There is strong justification for civic authorities to bring out prominent public notices reminding people of Srinagar of some fundamental responsibilities towards their city. The situation seems to suggest that citizenry needs matters to be spelt out with the simplicity of a primary school text book, for anything more complicated would be out of the ken of the average man or woman in the street.The fits-and-starts nature of garbage collection in lower Srinagar could still be a case of something being better than nothing, but efforts big or small are bound to face defeat without public cooperation. Most of Srinagar seems to be suffering from compulsive littering habits and goes about in great style to ensure that it retains its distinctive mark of being a citadel of trash.

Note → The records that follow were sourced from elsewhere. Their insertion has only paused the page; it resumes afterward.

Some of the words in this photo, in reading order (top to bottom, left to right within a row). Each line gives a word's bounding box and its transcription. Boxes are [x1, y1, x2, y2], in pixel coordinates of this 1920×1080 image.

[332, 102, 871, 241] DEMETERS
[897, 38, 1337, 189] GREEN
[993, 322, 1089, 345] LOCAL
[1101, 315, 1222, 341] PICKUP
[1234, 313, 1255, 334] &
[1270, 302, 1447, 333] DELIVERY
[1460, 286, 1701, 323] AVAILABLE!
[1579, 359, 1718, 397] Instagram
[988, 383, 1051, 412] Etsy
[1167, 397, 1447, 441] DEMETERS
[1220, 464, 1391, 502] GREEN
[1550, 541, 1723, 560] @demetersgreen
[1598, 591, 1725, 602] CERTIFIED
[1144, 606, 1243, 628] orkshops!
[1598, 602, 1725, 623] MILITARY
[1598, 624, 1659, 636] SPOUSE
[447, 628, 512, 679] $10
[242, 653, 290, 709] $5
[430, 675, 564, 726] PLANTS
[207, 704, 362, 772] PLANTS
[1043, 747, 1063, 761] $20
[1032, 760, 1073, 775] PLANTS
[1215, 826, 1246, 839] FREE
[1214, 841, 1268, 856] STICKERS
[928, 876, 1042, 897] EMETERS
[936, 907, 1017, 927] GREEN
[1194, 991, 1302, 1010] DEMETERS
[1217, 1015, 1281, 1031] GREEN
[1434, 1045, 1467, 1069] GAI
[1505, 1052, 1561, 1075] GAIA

Only a few years ago, the fashionable Residency Road, with its Regal Crossing, Polo View, and other branches, used to be an early-morning treat, with so-called high-end and trendy stores and shops having dumped all their rubbish into the streets before closing the previous evening. It is not clear whether the situation has been remedied somewhat in the city centre, but it can be said with assurance that elsewhere this inveterate behaviour is firmly intact, with impressive modifications.

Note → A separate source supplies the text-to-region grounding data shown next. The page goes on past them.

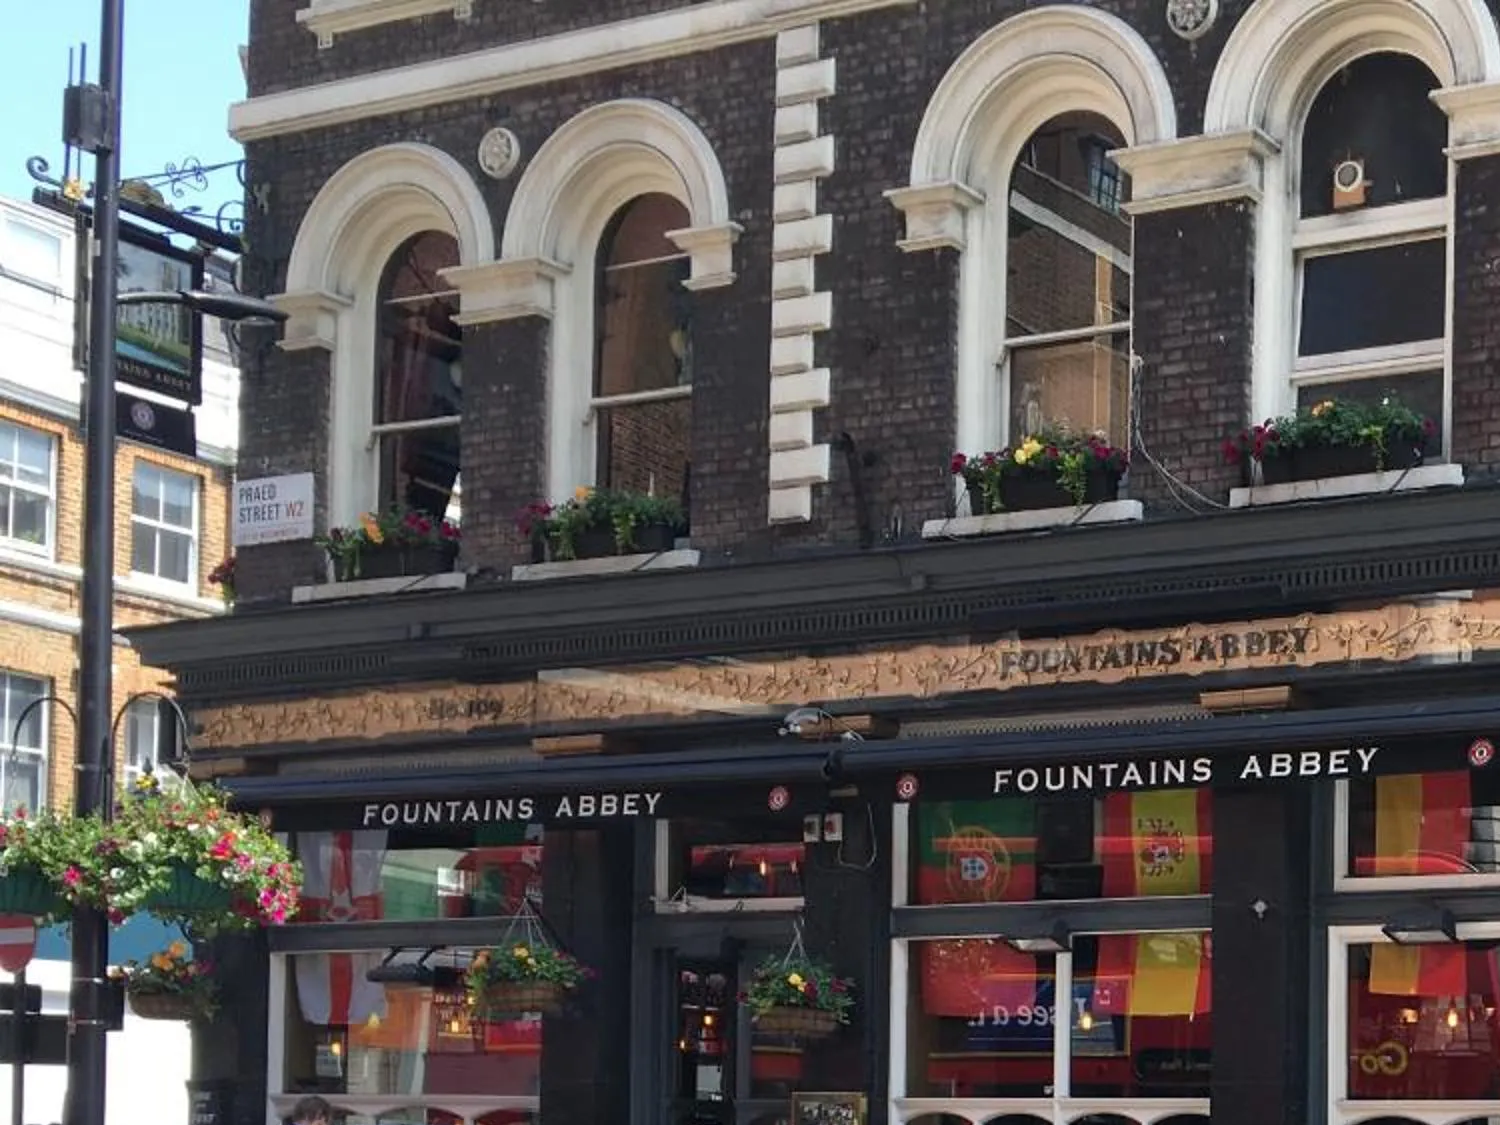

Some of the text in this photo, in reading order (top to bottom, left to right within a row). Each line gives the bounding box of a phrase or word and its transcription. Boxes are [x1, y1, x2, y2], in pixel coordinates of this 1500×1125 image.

[239, 484, 277, 504] PRAED
[239, 500, 304, 524] STREET W2
[1000, 626, 1311, 681] FOUNTAINS ABBEY
[993, 747, 1379, 793] FOUNTAINS ABBEY
[363, 792, 663, 826] FOUNTAINS ABBEY

Residents in most areas, however, are a study in contrast: in many pockets, households and local committees had co-opted municipality staff long before the civic body started its sanitation fee scheme for a minor consideration, municipal workers would cart off the contents of domestic dust bins, thus sparing the neighbourhood from unsightly heaps of uncollected garbage. But there are areas – and not necessarily only pockets – where residents and shopkeepers just cannot do without adorning the nearest street corner or lamppost with refuse from their homes and stores, even when municipal personnel come by for collection almost every other day.

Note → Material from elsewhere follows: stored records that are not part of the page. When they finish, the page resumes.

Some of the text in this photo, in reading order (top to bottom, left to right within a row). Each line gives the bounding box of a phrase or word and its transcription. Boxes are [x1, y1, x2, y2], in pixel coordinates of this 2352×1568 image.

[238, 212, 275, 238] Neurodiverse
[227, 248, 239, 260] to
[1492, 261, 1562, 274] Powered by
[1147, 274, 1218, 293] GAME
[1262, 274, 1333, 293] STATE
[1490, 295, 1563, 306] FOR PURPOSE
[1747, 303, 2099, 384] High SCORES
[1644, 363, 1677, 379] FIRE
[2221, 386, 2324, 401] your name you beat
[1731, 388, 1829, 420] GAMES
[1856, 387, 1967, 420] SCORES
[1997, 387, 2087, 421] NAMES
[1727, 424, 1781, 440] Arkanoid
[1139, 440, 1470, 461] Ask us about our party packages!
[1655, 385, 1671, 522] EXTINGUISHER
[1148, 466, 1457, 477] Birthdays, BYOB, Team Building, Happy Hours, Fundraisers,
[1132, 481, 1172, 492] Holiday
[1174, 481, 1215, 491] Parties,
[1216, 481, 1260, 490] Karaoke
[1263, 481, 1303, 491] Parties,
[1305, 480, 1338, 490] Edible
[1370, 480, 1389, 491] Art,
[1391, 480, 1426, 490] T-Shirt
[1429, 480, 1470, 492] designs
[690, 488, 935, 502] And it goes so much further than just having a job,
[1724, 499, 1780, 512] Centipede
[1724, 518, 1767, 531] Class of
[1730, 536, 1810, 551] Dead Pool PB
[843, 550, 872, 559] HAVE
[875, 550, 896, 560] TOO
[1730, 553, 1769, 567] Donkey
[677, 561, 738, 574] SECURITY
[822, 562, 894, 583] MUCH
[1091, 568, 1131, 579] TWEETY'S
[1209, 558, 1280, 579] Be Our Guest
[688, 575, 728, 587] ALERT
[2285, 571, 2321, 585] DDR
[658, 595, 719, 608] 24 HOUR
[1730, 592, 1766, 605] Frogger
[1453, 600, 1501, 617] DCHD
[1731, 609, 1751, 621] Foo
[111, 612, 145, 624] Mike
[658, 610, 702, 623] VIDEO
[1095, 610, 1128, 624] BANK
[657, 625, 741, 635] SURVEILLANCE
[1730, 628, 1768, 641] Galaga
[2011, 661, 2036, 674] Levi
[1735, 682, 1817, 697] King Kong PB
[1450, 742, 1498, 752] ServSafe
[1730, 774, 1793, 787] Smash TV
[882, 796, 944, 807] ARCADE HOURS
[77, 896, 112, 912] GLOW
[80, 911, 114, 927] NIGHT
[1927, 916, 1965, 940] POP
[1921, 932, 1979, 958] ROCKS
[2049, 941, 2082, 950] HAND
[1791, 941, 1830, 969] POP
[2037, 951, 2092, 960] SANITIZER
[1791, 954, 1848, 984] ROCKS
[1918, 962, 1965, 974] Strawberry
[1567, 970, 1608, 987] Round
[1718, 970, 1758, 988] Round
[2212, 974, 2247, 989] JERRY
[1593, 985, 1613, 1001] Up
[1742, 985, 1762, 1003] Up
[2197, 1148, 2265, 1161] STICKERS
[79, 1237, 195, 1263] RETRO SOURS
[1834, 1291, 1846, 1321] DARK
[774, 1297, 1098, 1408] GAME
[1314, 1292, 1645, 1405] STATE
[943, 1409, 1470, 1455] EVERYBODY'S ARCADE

Evidently, owners of shops, stores and homes do not deem their establishments spic-and-span unless a neat pile of rubbish has come up just across the street, clearly visible from huge, expensively-stocked show-windows. It remains a wonder that streets and lanes lined with generous overnight donations of fruit-and-vegetable waste, discarded wrappers and paper bags, and indestructible plastic refuse, fail to disturb anyone taking an early morning constitutional – not even worshippers hurrying to mosques for dawn prayers who are supposed to know that cleanliness is next to godliness.
The government cannot escape blame for failing to pre-empt this situation its half-hearted measures to provide large bins in some selected parts of the city should have been given some serious muscle and extended in suitably-modified forms to other parts. It has yet to come out clearly whether it has a policy on the use of plastic bags, which has again assumed the proportions of a rage. A short-lived, but vigorous campaign many years ago remains the only worthwhile measure ever against this scourge, and there are indications that purported steps to check it are merely an exercise in soliciting gratification.